[[ STUDY MATERIAL, beginning ]]
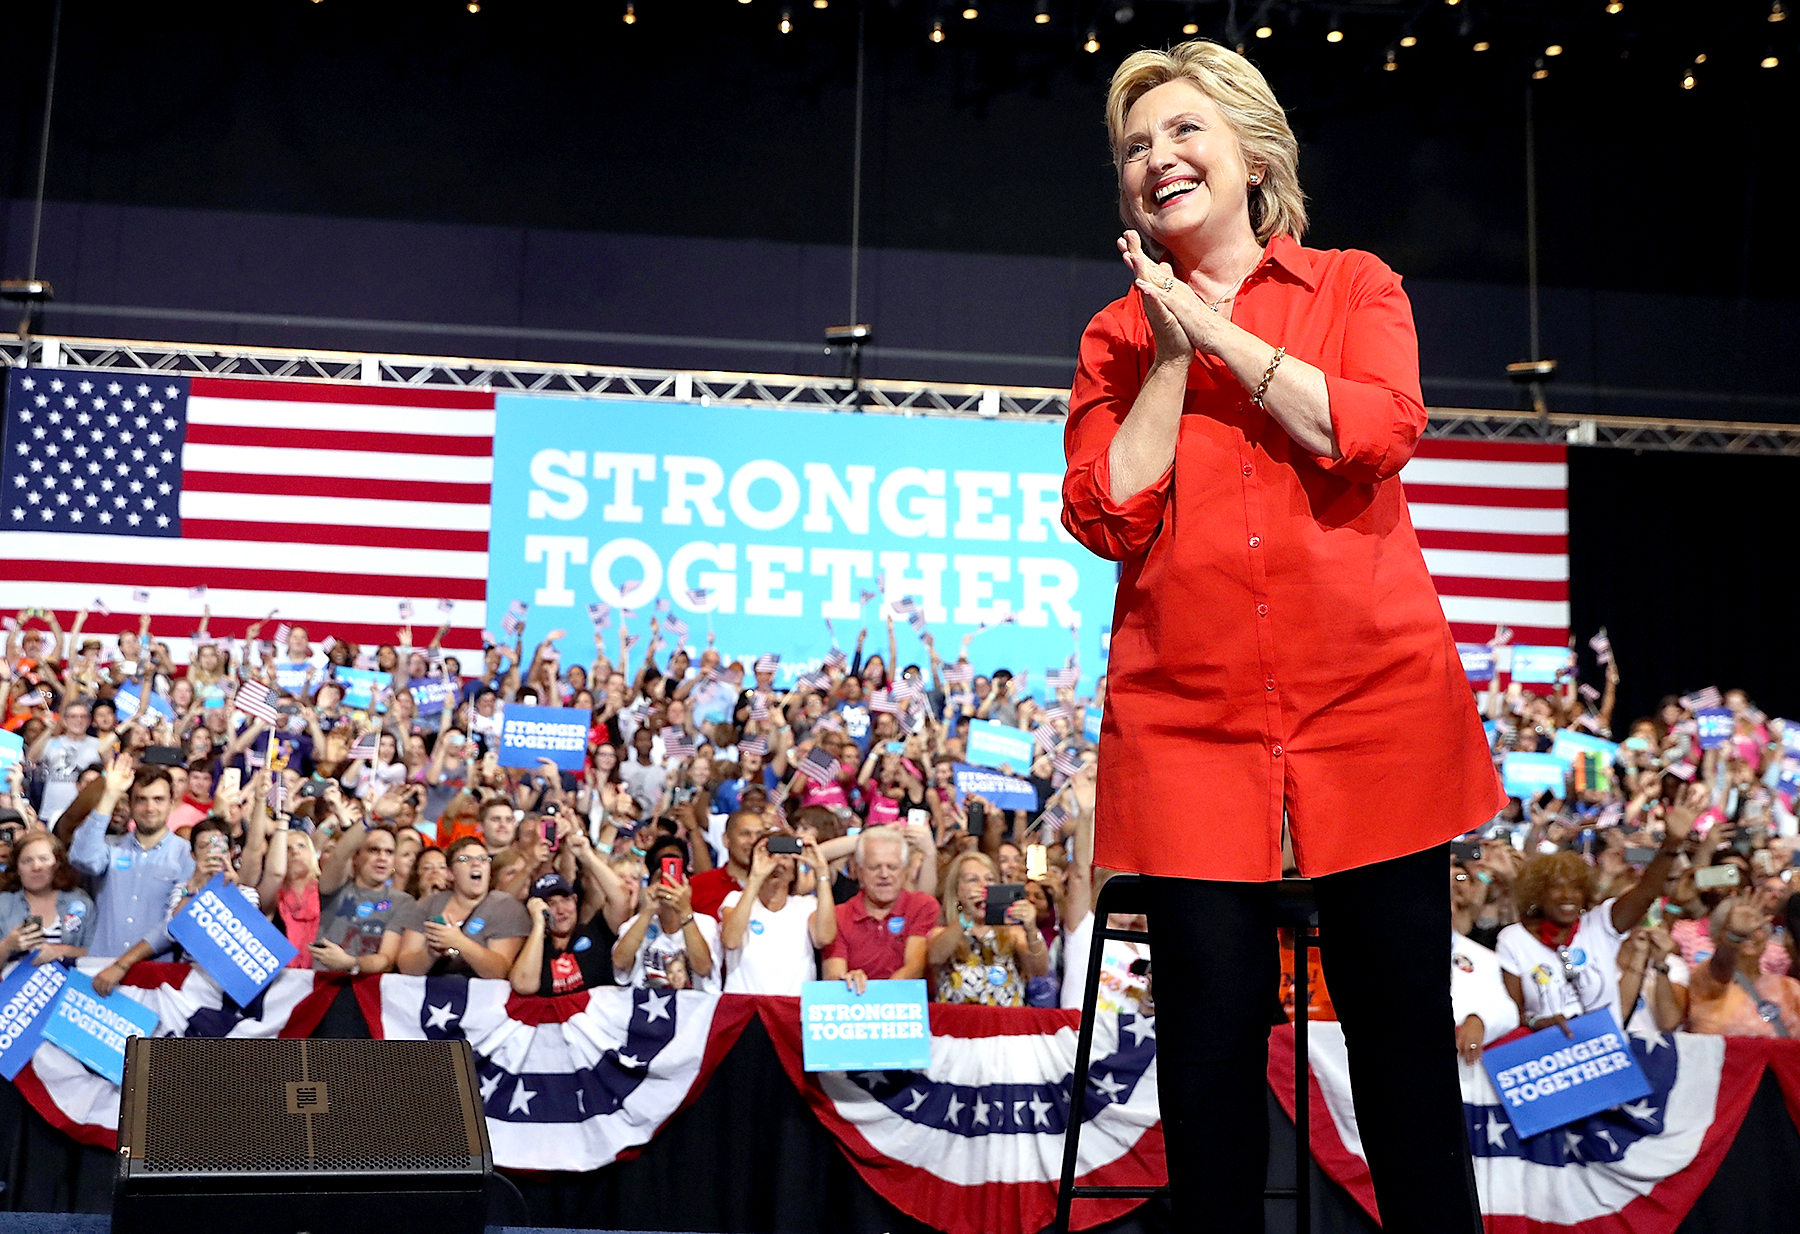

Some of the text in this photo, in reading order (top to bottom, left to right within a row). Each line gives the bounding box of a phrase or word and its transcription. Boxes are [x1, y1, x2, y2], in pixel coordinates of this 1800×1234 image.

[528, 449, 1076, 543] STRONGER
[525, 535, 1082, 627] TOGETHER
[503, 733, 585, 751] TOGETHER
[504, 720, 587, 738] STRONGER
[188, 901, 268, 985] TOGETHER
[199, 890, 280, 974] STRONGER
[0, 963, 57, 1031] RONGER
[0, 972, 67, 1058] OGETHER
[808, 1003, 923, 1022] STRONGER
[58, 1001, 126, 1054] TOGETHE
[808, 1022, 924, 1041] TOGETHER
[1496, 1033, 1622, 1089] STRONGER
[1504, 1051, 1632, 1106] TOGETHER
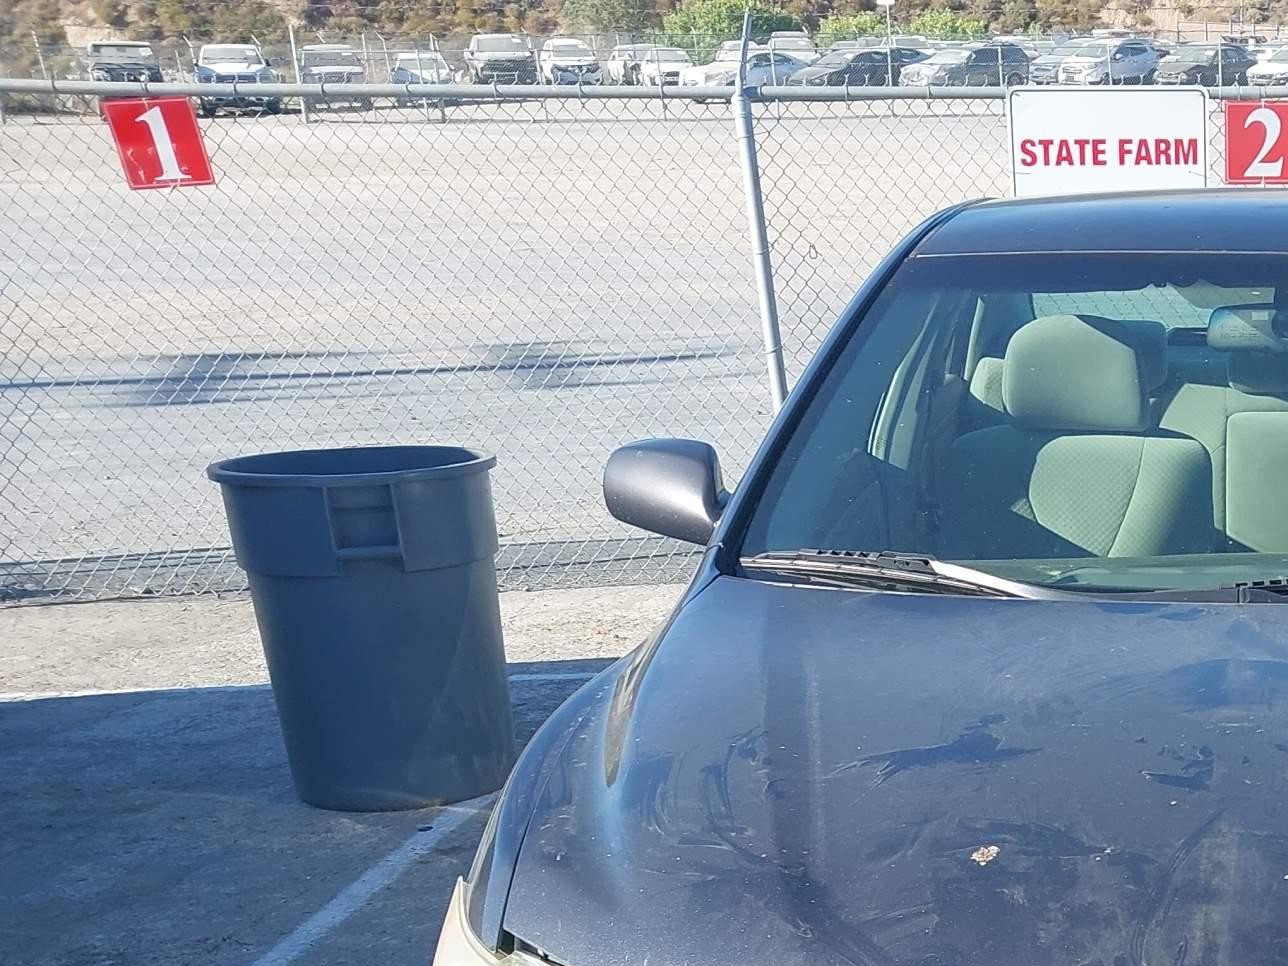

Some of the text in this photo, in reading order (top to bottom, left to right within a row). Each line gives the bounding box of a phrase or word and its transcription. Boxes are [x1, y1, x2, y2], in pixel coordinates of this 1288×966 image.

[134, 105, 192, 180] 1
[1020, 138, 1198, 167] STATE FARM
[1243, 107, 1284, 177] 2
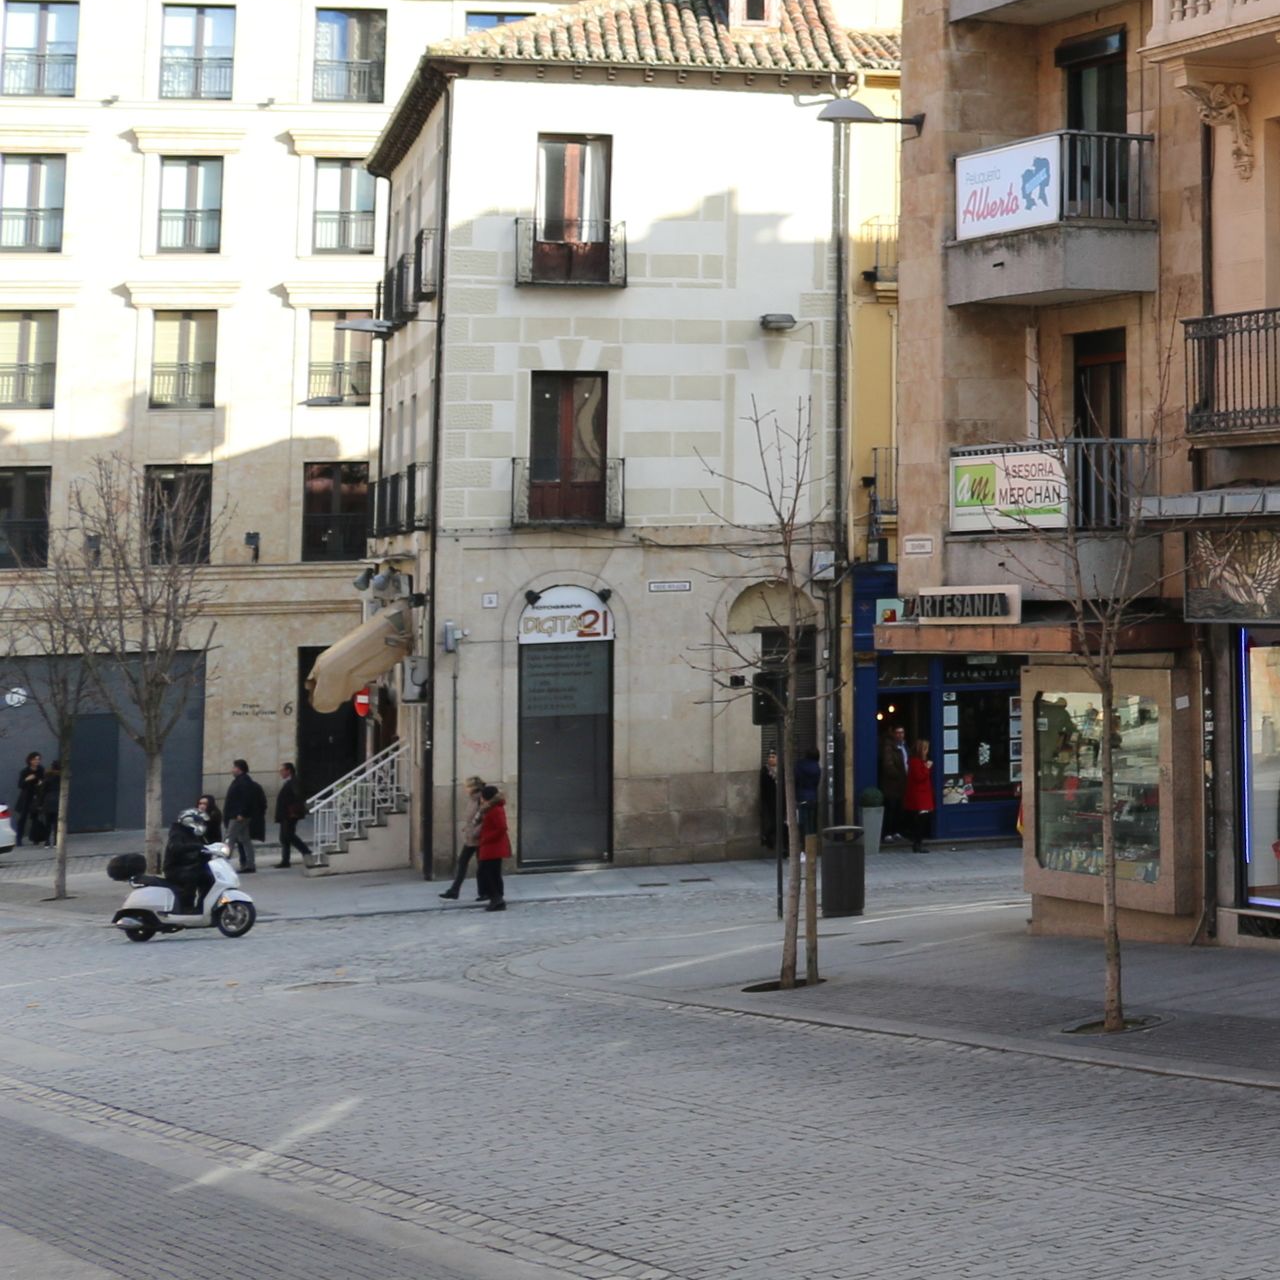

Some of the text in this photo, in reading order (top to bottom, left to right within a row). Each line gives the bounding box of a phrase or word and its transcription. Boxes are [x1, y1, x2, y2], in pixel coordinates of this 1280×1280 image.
[[ STUDY MATERIAL, end ]]
**PROBLEM TO SOLVE**
In the answer, the entries should be restated verbatim, with all pictures omitted.

**TASK RESPONSE**
Some of the text in this photo, in reading order (top to bottom, left to right within a row). Each line gives the bounding box of a phrase or word and its transcription. Boxes are [x1, y1, x2, y2], in pixel coordinates of this 1800×1234 image.

[528, 449, 1076, 543] STRONGER
[525, 535, 1082, 627] TOGETHER
[503, 733, 585, 751] TOGETHER
[504, 720, 587, 738] STRONGER
[188, 901, 268, 985] TOGETHER
[199, 890, 280, 974] STRONGER
[0, 963, 57, 1031] RONGER
[0, 972, 67, 1058] OGETHER
[808, 1003, 923, 1022] STRONGER
[58, 1001, 126, 1054] TOGETHE
[808, 1022, 924, 1041] TOGETHER
[1496, 1033, 1622, 1089] STRONGER
[1504, 1051, 1632, 1106] TOGETHER

Some of the text in this photo, in reading order (top to bottom, left to right within a row). Each line gives the bounding box of a phrase or word and its transcription. Boxes are [x1, y1, x2, y2], in pixel coordinates of this 1288×966 image.

[134, 105, 192, 180] 1
[1020, 138, 1198, 167] STATE FARM
[1243, 107, 1284, 177] 2

Some of the text in this photo, in reading order (top to bottom, left to right within a row). Each line gives the bounding box of a phrase or word and its transcription. Boxes are [x1, y1, x2, y2], in pixel coordinates of this 1280×1280 image.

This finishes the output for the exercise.